An open recruitment method was used. Information about the project was disseminated in the communities through brochures and posters, presentations at formal and informal gatherings, advertisements in newspapers and announcements on local radio and television.
As the Tribal Advisory Board had requested that “American Indian or Alaska Native” be defined more rigorously than self-reported race, we required participants to be American Indian or Alaska Native eligible for Indian Health Services-funded health care. The most common standard applied for eligibility for health services from the Indian Health Services is that the individual be an enrolled member of a Federally recognized tribe, although other criteria are sometimes applied [18].
Additional EARTH Study eligibility criteria required participants to be at least 18 years of age, not pregnant, not actively undergoing cancer treatment, and physically and mentally able to read and understand the consent form and to complete survey instruments and medical tests.
The baseline study visit included a detailed Health, Lifestyle, and Physical Activity Questionnaire (HLPA) which asked about: physical activity; medical conditions; perceived health status; language use at home; family history of several conditions including cancer, heart disease, and diabetes; reproductive history for women; cancer screening practices; and use of tobacco and alcohol. The questionnaire was administered using audio computer-assisted self interview (ACASI) technology; participants completed the questionnaire using a touch-screen computer. Participants could choose to hear the questions read in English, Yupik or Navajo. Participants also completed a diet history questionnaire (DHQ) using ACASI. Demographic data collected included level of education, age, sex, number of people living in the household, and marital status. Medical tests included sitting blood pressure, lipid panel, and fasting blood sugar. Height and weight, as well as waist and hip circumferences were measured. At the conclusion of the study visit, participants were provided feedback regarding the results of their medical tests and responses to questions about health risk behaviors. Quality control procedures assured that data were collected in a standardized way across study centers.
Screening outcomes
The cancer screening questions are shown in Table 1. Analysis of Pap test information was restricted to women aged 18 years and older who had not had a hysterectomy. Analyses examining predictors of screening classified women as having had a Pap test in past three years or not (Pap test longer than three years ago or never having had a Pap test). Those with unknown timing for the Pap test were excluded from the analyses.
Table 1
Table 1
Cancer screening questions
Analysis of mammogram data was restricted to women aged 40 years and older. Analyses classified women as having had a mammogram in past two years or not, and women with unknown timing were excluded.

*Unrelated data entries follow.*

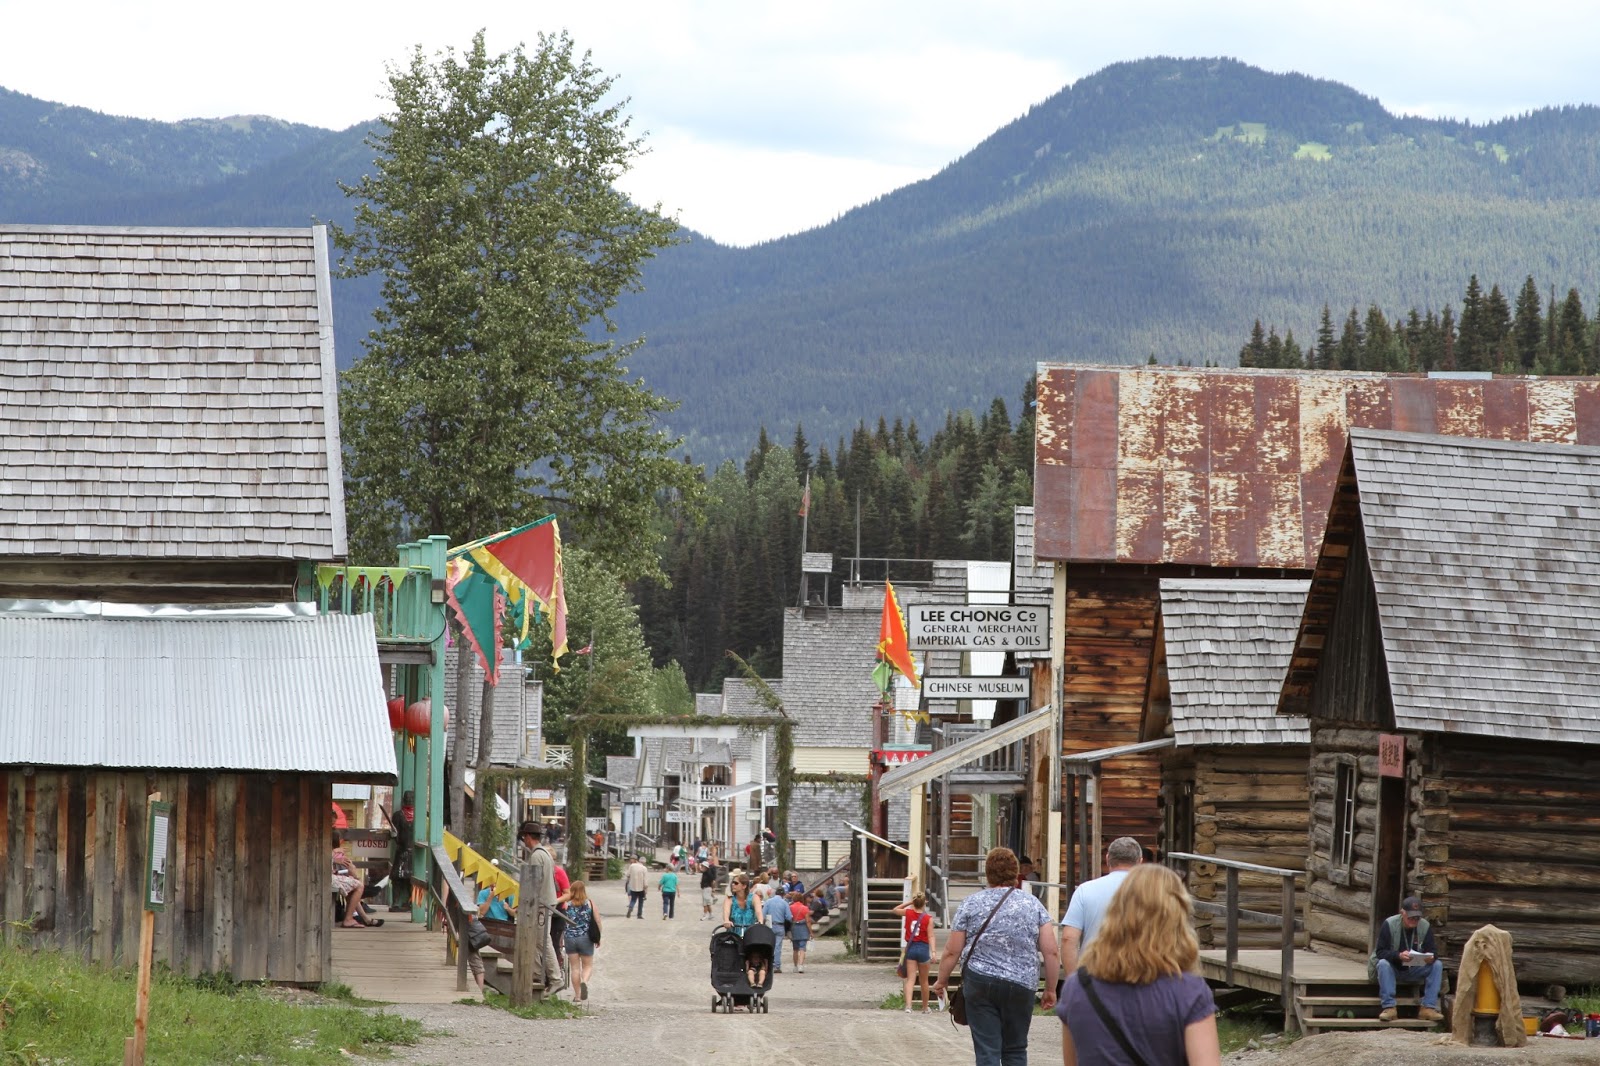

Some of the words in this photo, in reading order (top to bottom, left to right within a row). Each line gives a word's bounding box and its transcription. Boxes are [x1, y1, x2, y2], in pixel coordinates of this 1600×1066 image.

[921, 610, 945, 622] LEE
[950, 610, 1012, 622] CHONG
[923, 625, 971, 633] GENERAL
[977, 624, 1038, 633] MERCHANT
[917, 636, 968, 646] IMPERIAL
[973, 636, 996, 646] GAS
[1001, 637, 1009, 646] &
[1015, 636, 1041, 646] OILS
[929, 682, 973, 693] CHINESE
[978, 682, 1024, 693] MUSEUM
[357, 839, 388, 849] CLOSED
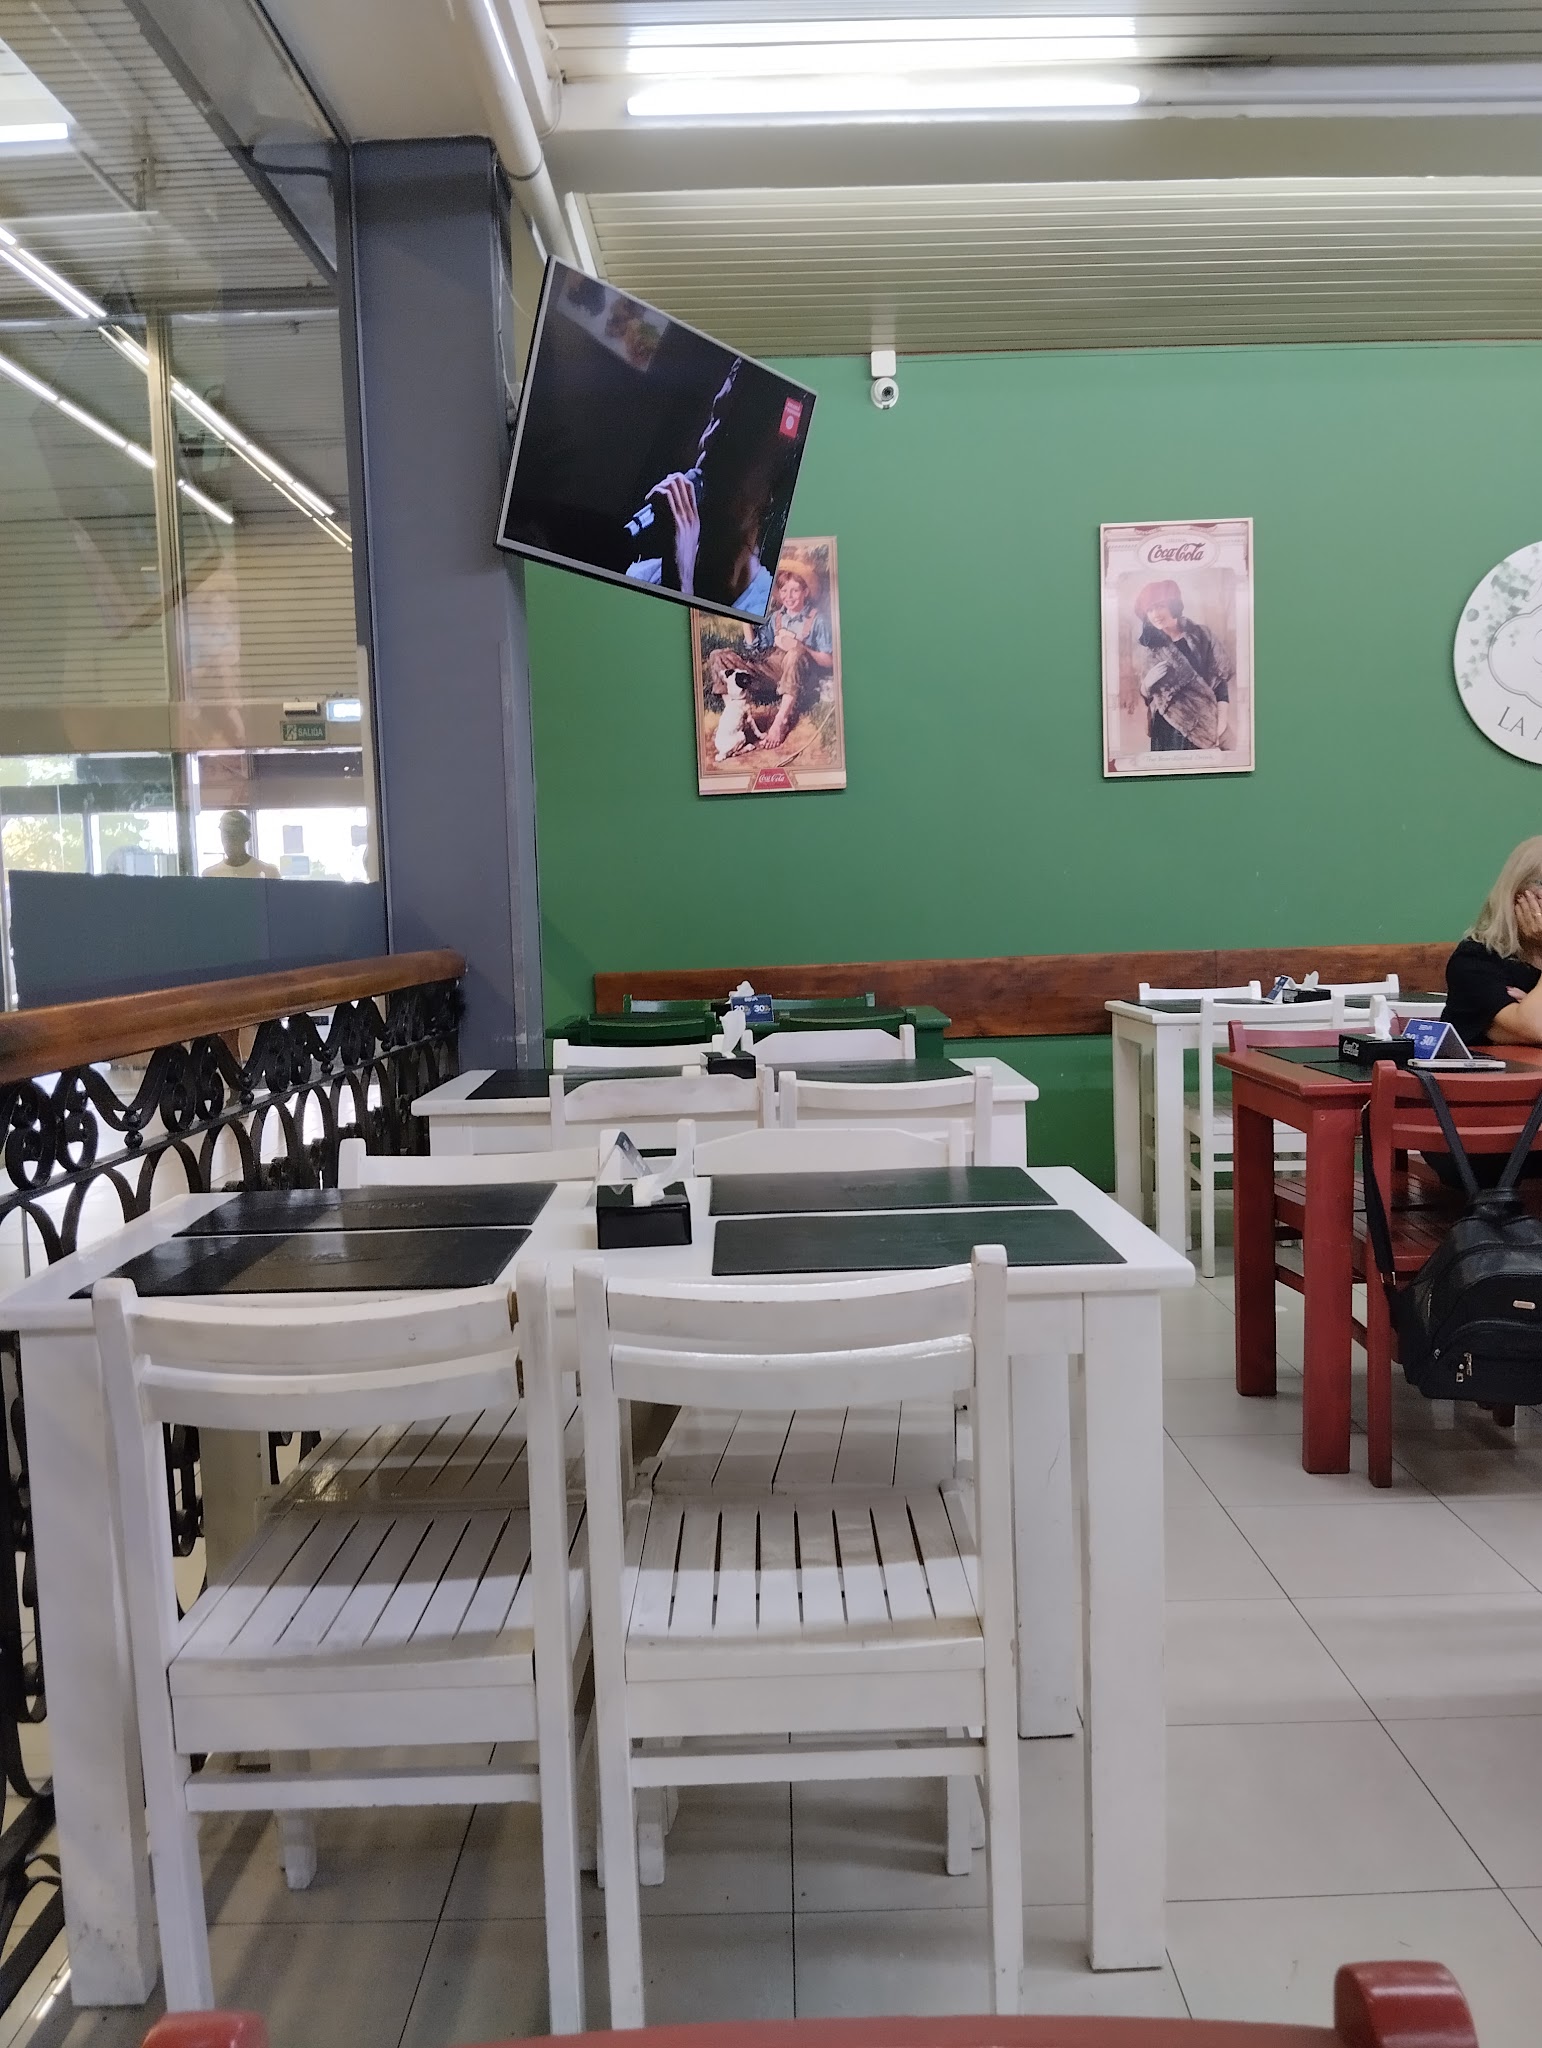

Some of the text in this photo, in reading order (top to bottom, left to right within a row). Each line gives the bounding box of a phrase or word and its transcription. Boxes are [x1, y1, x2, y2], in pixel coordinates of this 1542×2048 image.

[1147, 542, 1206, 563] Coca-Cola
[1497, 706, 1524, 736] LA
[298, 727, 323, 737] SALIDA

Colonoscopy/sigmoidoscopy analyses were restricted to men and women aged 50 years and older. Analyses classified individuals as having had a colonoscopy/sigmoidoscopy in the past five years, or not, and individuals with unknown duration were excluded.
Definitions of variables examined
For each of the screening tests, we examined the following variables as potential predictors: age; sex (for sigmoidoscopy/colonoscopy); location (Alaska versus Southwest); employment; marital status; educational level; family history of cancer; smoking status; use of snuff or chew, perceived general health; body mass index; language spoken at home; residence (urban versus rural), income, and factors potentially related to traditional lifestyle.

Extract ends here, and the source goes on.